Task objective | Your answer should consist of the lines in the following data that contain "urgrass".

Phrase grounding data |
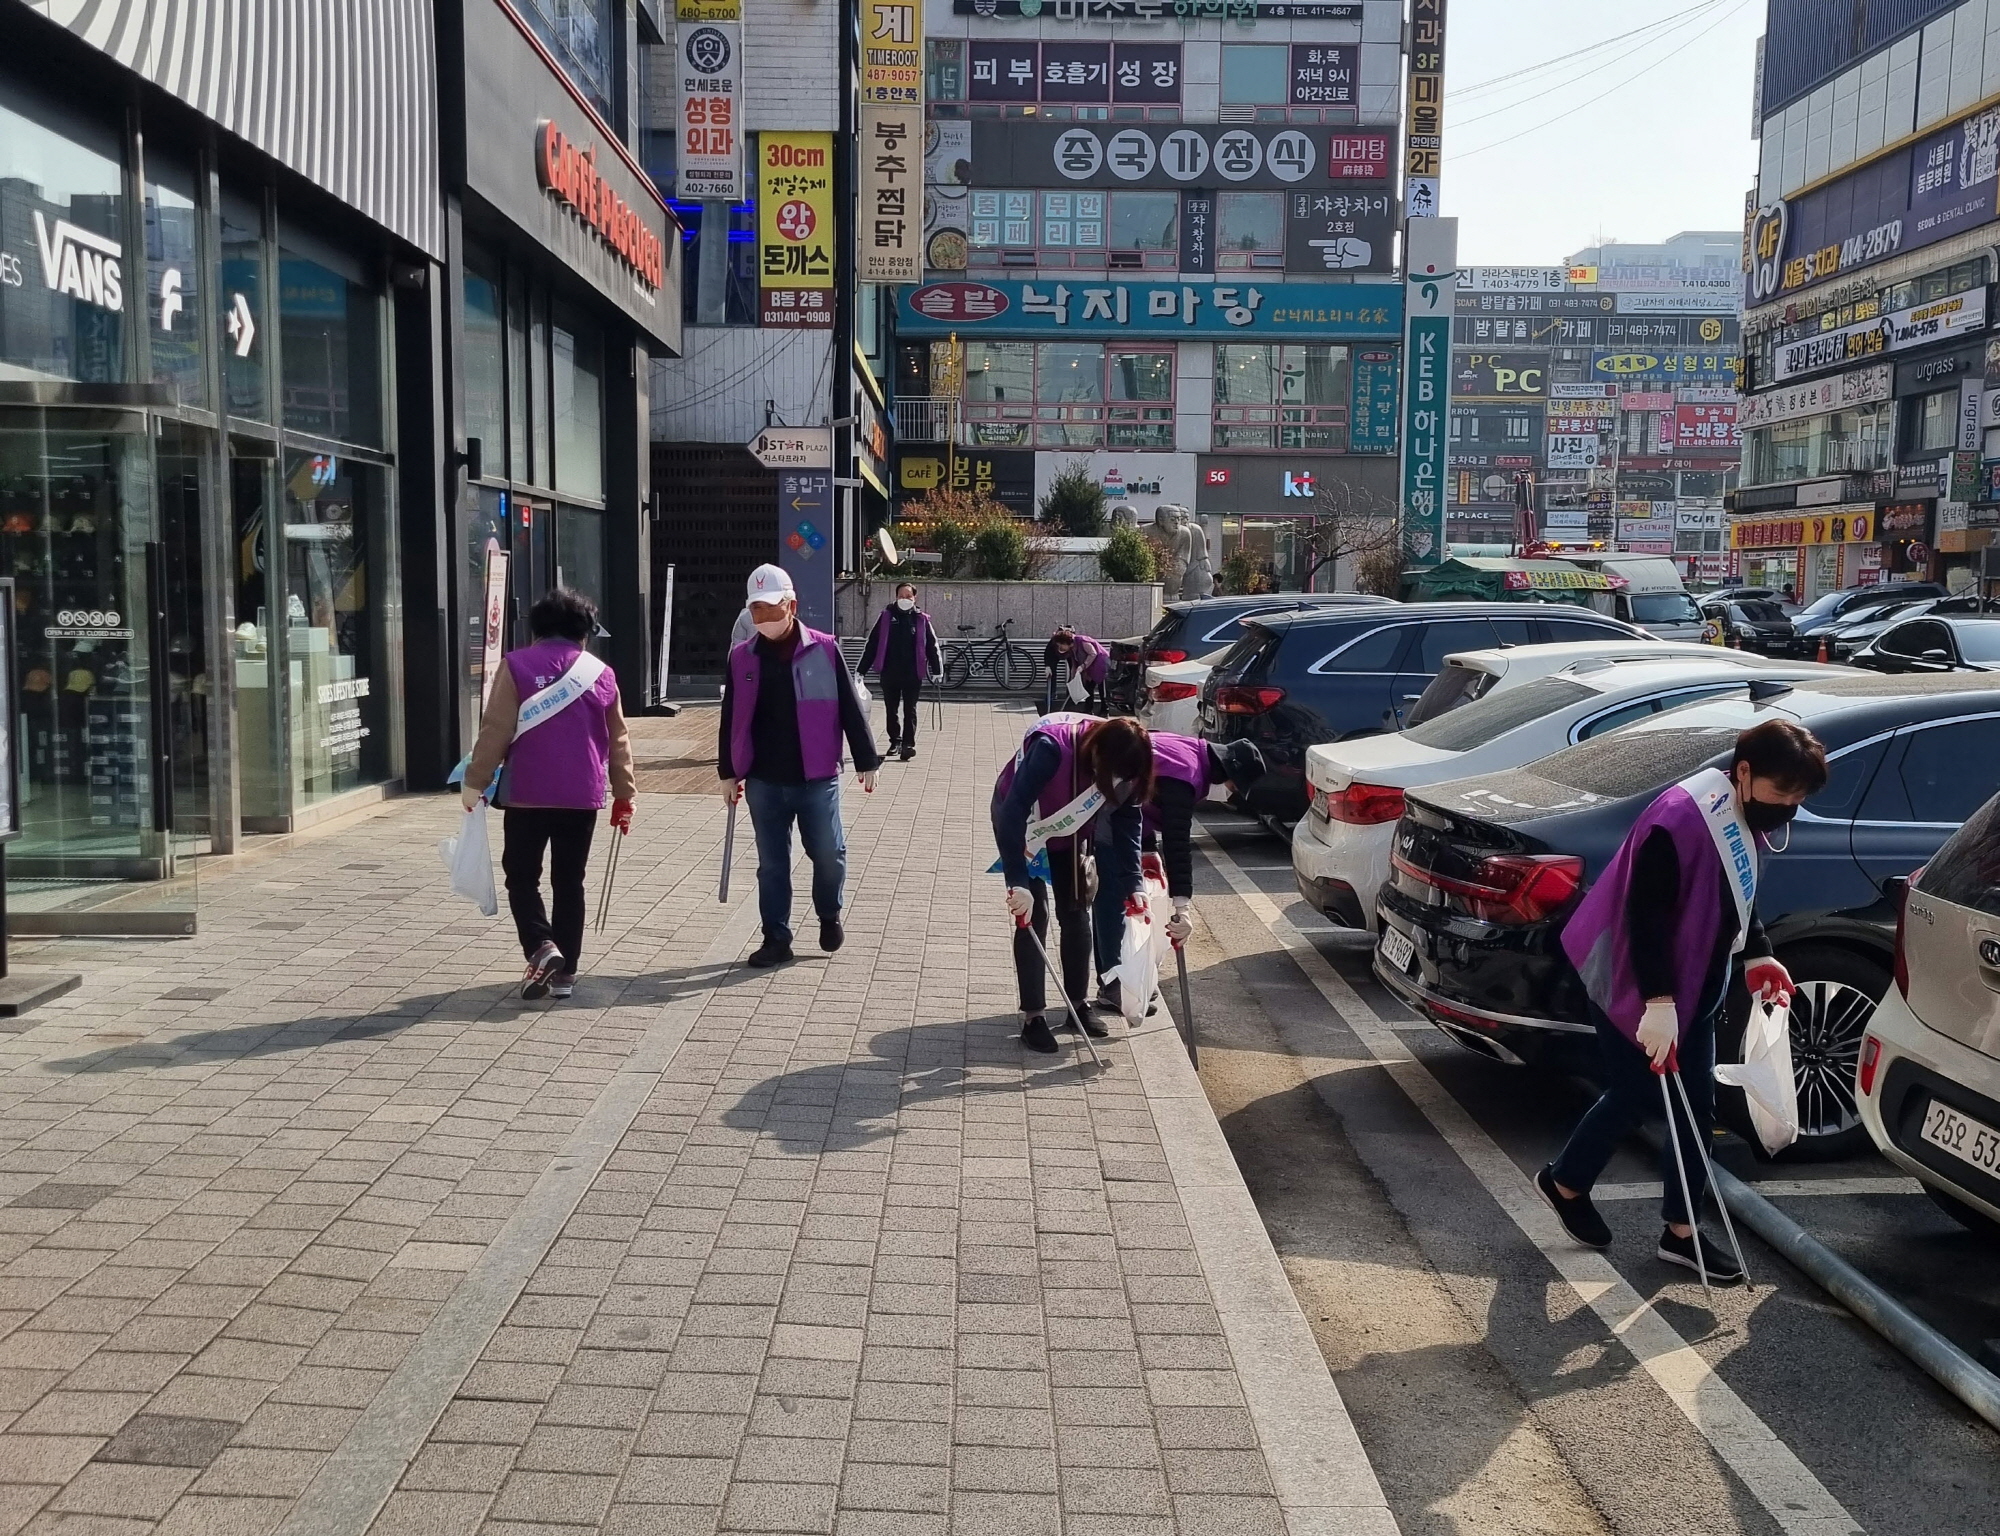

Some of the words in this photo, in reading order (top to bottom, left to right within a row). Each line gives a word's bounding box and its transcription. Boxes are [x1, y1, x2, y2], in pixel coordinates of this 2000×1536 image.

[680, 7, 735, 19] 480-6700
[1269, 7, 1285, 16] 4층
[1291, 7, 1308, 16] TEL
[1311, 7, 1352, 16] 411-4647
[871, 4, 914, 43] 계
[867, 48, 918, 67] TIMEROOT
[1308, 50, 1341, 65] 화,목
[1416, 53, 1440, 69] 3F
[1044, 61, 1107, 85] 호흡기
[1117, 60, 1177, 87] 성장
[1297, 68, 1323, 83] 저녁
[1328, 68, 1350, 83] 9시
[684, 78, 733, 93] 연세로운
[866, 86, 918, 101] 1층안쪽
[1296, 87, 1350, 101] 야간진료
[684, 97, 732, 125] 성형
[1414, 77, 1438, 134] 미올
[686, 128, 734, 155] 외과
[1332, 139, 1386, 161] 마라탕
[1411, 137, 1440, 148] 한의원
[767, 144, 825, 167] 30cm
[1062, 137, 1306, 174] 중국가정식
[1410, 151, 1438, 174] 2F
[1927, 140, 1954, 168] 서울대
[685, 183, 734, 194] 402-7660
[768, 175, 826, 196] 옛날수제
[875, 122, 907, 249] 봉추찜닭
[1917, 162, 1953, 194] 동문병원
[780, 204, 811, 239] 왕
[1917, 216, 1935, 231] SEOUL
[1942, 206, 1964, 223] DENTAL
[1965, 197, 1986, 214] CLINIC
[1327, 221, 1355, 234] 2호점
[1758, 218, 1779, 260] 4F
[34, 209, 124, 313] VANS
[764, 244, 830, 276] 돈까스
[868, 255, 886, 267] 안산
[888, 255, 913, 267] 중앙점
[1781, 244, 1841, 290] 서울S치과
[1839, 219, 1904, 271] 414-2879
[1481, 280, 1540, 289] T.403-4779
[1482, 268, 1539, 279] 라라스튜디오
[1543, 269, 1562, 288] 1층
[1681, 280, 1731, 288] T.410.4300
[771, 291, 796, 308] B동
[800, 291, 824, 308] 2층
[920, 288, 999, 314] 솔밭
[1022, 284, 1263, 326] 낙지마당
[1481, 296, 1542, 311] 방탈출카페
[764, 311, 831, 323] 031)410-0908
[1477, 319, 1527, 338] 방탈출
[1560, 320, 1591, 338] 카페
[1702, 324, 1720, 341] 6F
[1418, 332, 1436, 402] KEB
[1917, 357, 1954, 381] urgrass
[1494, 368, 1542, 393] PC
[1557, 419, 1595, 432] 부동산
[1964, 394, 1978, 449] urgrass
[805, 444, 829, 452] PLAZA
[1551, 437, 1583, 454] 사진
[763, 454, 807, 464] 지스타프라자
[1411, 409, 1439, 518] 하나은행
[784, 476, 828, 494] 출입구
[1209, 470, 1226, 483] 5G
[1284, 470, 1316, 497] kt
[1457, 511, 1489, 519] PLACE
[1638, 523, 1671, 532] 스티커사진
[1972, 1130, 2000, 1174] 53

Reply |
[1917, 357, 1954, 381] urgrass
[1964, 394, 1978, 449] urgrass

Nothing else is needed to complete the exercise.